Het slagveld leek in het voordeel van de Romeinen te zijn. Een Carthaagse flankaanval werd bemoeilijkt door de rivier aan de ene kant en de heuvel aan de andere. De afstand tussen de rivier en de heuvel was echter niet erg groot, misschien slechts twee à drie kilometer. Dit bracht met zich mee dat Varro zijn enorme leger niet in de gebruikelijke slagorde op kon stellen, aangezien er simpelweg niet genoeg ruimte was voor zoveel soldaten. De consul stelde daarom zijn manipels op in een zeer diepe, bijna colonne-achtige formatie.
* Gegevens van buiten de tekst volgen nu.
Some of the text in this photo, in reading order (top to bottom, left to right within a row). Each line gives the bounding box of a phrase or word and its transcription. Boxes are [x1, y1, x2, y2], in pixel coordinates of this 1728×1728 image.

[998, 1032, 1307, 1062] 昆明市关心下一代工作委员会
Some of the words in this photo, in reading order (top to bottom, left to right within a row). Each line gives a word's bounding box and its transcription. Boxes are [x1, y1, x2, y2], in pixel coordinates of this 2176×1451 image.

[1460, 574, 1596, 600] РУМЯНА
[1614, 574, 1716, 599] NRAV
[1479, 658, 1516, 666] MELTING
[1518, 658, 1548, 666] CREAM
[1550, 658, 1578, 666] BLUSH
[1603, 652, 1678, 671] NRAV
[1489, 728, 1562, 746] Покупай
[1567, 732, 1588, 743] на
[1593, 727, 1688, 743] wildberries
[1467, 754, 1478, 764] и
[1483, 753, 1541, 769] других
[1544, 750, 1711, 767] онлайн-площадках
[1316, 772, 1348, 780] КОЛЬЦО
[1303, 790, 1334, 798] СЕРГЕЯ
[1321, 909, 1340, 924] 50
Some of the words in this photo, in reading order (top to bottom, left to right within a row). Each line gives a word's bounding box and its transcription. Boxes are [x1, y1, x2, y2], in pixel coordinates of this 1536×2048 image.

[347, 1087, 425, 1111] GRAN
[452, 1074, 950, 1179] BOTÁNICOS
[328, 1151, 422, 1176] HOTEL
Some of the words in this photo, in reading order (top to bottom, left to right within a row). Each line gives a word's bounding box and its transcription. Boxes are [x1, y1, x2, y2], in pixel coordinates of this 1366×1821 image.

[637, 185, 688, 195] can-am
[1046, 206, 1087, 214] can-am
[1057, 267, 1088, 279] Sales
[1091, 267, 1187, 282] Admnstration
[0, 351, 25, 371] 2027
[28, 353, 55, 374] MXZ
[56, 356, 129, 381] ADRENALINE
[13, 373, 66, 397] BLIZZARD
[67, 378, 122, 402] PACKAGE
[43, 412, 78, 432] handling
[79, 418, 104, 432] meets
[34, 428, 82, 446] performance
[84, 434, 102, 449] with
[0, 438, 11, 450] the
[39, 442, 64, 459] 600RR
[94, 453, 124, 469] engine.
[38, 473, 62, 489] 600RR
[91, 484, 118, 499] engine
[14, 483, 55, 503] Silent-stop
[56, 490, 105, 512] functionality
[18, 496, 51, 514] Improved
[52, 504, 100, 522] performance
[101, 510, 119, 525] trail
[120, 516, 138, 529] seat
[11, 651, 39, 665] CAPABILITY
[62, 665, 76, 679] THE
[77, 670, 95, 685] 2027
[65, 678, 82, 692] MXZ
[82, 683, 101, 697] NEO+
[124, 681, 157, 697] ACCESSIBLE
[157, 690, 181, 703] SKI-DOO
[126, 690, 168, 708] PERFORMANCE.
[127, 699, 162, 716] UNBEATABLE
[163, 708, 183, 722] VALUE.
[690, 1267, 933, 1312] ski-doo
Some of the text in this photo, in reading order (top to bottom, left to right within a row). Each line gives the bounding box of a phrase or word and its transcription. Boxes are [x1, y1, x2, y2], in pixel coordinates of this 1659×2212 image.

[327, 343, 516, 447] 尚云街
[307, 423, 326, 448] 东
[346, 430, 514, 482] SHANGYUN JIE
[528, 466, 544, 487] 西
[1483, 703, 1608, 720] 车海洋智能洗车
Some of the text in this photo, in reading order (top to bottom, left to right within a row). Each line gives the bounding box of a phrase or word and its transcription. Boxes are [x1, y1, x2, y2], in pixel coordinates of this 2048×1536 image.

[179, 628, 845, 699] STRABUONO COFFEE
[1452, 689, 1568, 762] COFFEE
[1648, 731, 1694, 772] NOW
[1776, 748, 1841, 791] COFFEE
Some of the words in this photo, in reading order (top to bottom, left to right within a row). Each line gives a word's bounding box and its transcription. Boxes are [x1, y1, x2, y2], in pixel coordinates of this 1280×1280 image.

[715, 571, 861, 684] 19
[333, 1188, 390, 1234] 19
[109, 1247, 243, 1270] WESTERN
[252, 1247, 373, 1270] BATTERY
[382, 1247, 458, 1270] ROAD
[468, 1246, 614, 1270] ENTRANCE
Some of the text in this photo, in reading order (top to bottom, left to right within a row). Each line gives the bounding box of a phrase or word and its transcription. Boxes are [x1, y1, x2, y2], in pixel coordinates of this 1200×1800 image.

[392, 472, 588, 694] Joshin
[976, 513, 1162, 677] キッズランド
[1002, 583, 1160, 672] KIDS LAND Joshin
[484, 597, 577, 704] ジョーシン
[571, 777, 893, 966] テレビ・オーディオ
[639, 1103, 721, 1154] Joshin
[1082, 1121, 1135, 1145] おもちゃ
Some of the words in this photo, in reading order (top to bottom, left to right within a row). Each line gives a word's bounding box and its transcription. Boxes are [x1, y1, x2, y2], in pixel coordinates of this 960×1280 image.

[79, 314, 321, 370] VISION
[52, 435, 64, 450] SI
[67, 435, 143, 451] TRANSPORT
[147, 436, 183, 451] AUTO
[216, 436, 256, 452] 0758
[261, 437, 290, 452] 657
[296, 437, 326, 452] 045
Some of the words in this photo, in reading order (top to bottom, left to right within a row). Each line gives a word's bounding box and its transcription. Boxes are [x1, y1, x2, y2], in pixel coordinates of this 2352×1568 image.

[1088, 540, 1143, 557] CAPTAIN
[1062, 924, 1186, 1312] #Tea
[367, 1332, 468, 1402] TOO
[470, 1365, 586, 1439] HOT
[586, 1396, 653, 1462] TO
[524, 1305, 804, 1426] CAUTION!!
Het aantal soldaten in de voorste linie was daardoor veel kleiner dan normaal. Normaal gesproken werden er bovendien flinke tussenruimtes tussen de manipels opengelaten, zodat deze eenheden gemakkelijker konden manoeuvreren en ze niet in elkaar verstrikt zouden raken. Varro werd door het terrein gedwongen ook deze tussenruimtes kleiner te maken. De ongebruikelijk diepe opstelling van zijn manipels zorgde er wel voor dat deze niet gemakkelijk doorbroken konden worden. En dat was heel belangrijk, want veel van de Romeinse soldaten waren nog heel erg groen. Daar stond weer tegenover dat de opstelling ook de aanvalskracht van de manipels verminderde. Immers, alleen de mannen in voorste linie konden rechtstreeks met de vijand vechten. De flexibiliteit van de opstelling was bovendien gering.

Het leger van Hannibal bestond uit zo’n 40.000 infanteristen en 10.000 ruiters. Zijn troepen waren duidelijk in de minderheid, en dit zorgde voor nervositeit bij enkele van zijn onderbevelhebbers. Een zekere Gisgo zou zich hebben verbaasd over de omvang van het Romeinse leger, waarop Hannibal de grap maakte dat de Romeinen weliswaar veel manschappen hadden, maar dat niet een van hen Gisgo heette. De Carthaagse generaal besloot de uitdaging van Varro aan te nemen en liet zijn leger de Aufidus oversteken. Hij stelde vervolgens zijn infanterie in een convexe, halvemaanvormige formatie op, met de Spaanse troepen en de Kelten in het midden en de ervaren Noord-Afrikanen op de vleugels. Deze laatsten werden vermoedelijk in een diepe formatie opgesteld en stonden wellicht ietwat verborgen achter de andere troepen. De zware Spaanse en Keltische ruiterij stond onder bevel van Hasdrubal en werd op de linkervleugel opgesteld, direct tegenover de Romeinse cavalerie. De Numidische ruiters kregen een plek op de rechtervleugel tegenover de cavalerie van de Italiaanse bondgenoten. Hannibal en zijn broer Mago namen dicht achter de slaglinie plaats en voerden van daar de infanterie aan. Dit was een gevaarlijke plaats, maar hun aanwezigheid was noodzakelijk.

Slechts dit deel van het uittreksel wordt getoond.